CAPÍTULO IV
Que el honor, y decoro de las dignidades eclesiásticas no consiste en el esplendor exterior, sino en la hermosura de las costumbres y virtudes.
Honréis pues vuestro ministerio, no con la pompa de los vestidos, no con el fausto de caballos, no con la suntuosidad de los edificios, sino con arregladas costumbres, con ejercicios espirituales, con buenas obras. ¡Cuántos hay que hacen esto de otro modo muy diferente! Se ve en algunos sacerdotes muchísimo adorno en los vestidos y ninguno o muy corto en las virtudes. De las cuales, si yo les trajere a la memoria aquello del Apóstol: No en vestido precioso, temo, que se enojen, teniendo por cosa indigna, que se usurpe contra ellos una sentencia, que reconocerán haberse pronunciado antes contra un sexo y orden menos estimable.
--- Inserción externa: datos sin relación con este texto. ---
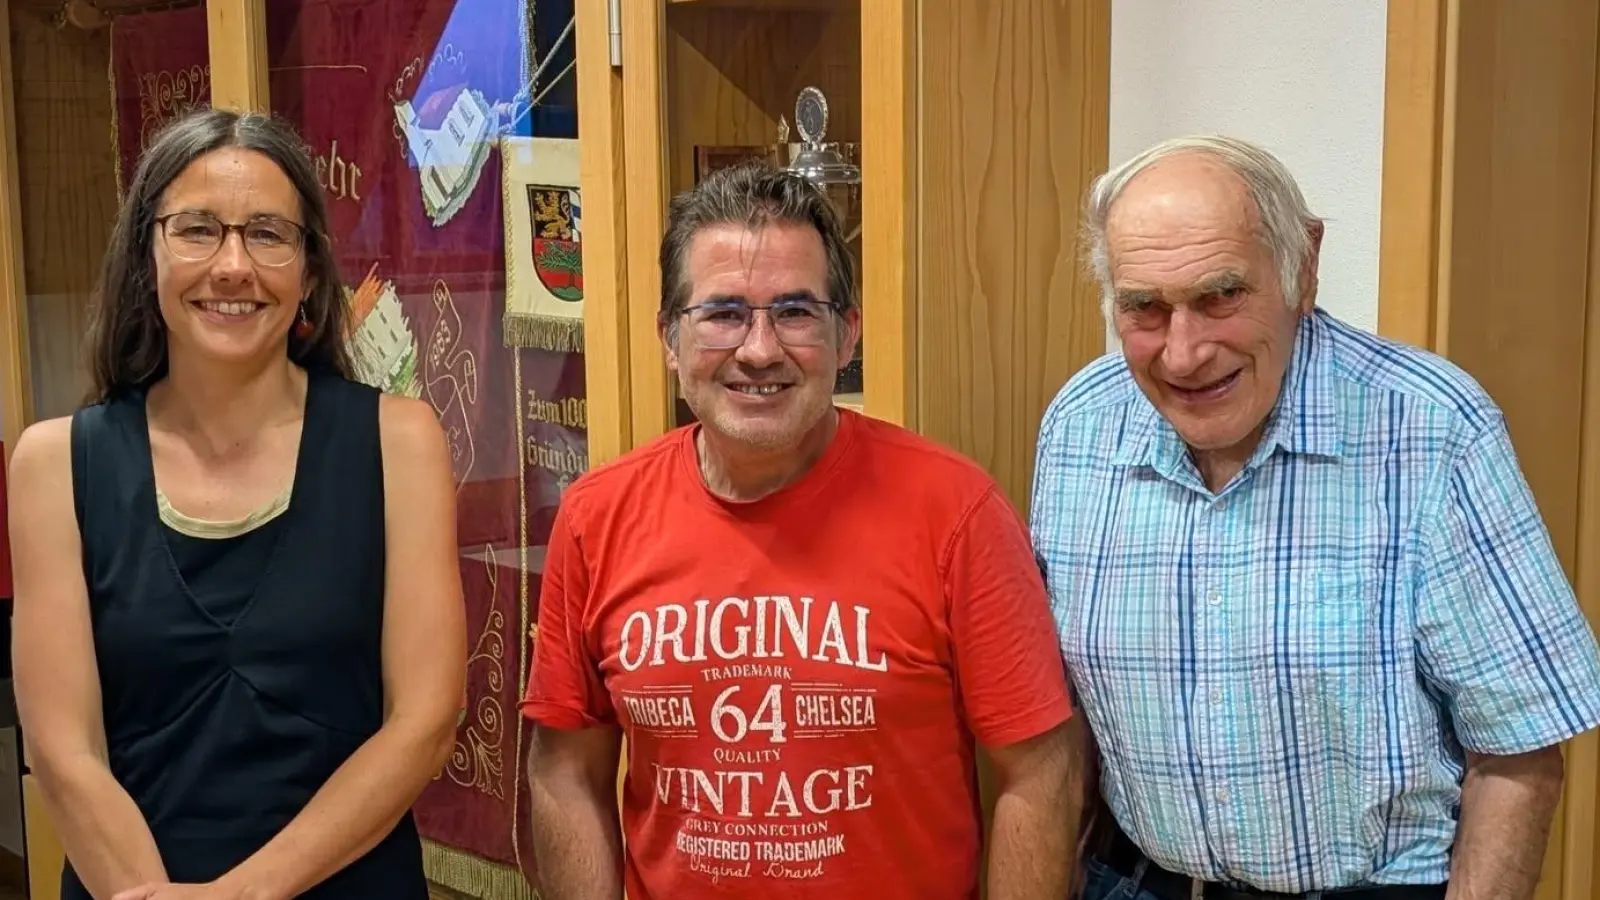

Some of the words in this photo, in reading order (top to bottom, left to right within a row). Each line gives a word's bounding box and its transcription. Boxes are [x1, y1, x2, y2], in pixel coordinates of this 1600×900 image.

Como si los médicos no usaran de un mismo hierro para sajar a los reyes que a los demás hombres, o se hiciera injuria a la cabeza, cortando sus cabellos con las tijeras mismas con que se cortó lo superfluo de las uñas. Pero, si se desdeñan de ser heridos, no por mi sino por el Apóstol, con igual sentencia que unas flacas mujeres, desdénñense también de envolverse en la misma culpa que ellas. Tiendan menos a gloriarse en las obras de las tejedoras y de las que adornan las pieles y no en las obras propias. Tengan horror también en cubrir con aquellas delicadas y encarnadas pieles, que llaman guantes, las manos sagradas que consagran los tremendos misterios. Absténganse igualmente de aplicarlas al pecho, que con más decencia le adorna la perla de la sabiduría. Tengan vergüenza de rodear con ellas el cuello, que más honesta y suavemente se somete al yugo de Cristo. No son estas las llagas de Cristo, que a ejemplo de los mártires pueden ellos llevar en su cuerpo. Mas bien se reputan, y son consignas mujeriles, que sin duda con mucha curiosidad y gusto acostumbraron ellas a preparar para si, poniendo el pensamiento ciertamente en las cosas que son del mundo y de qué modo agradarán a sus esposos.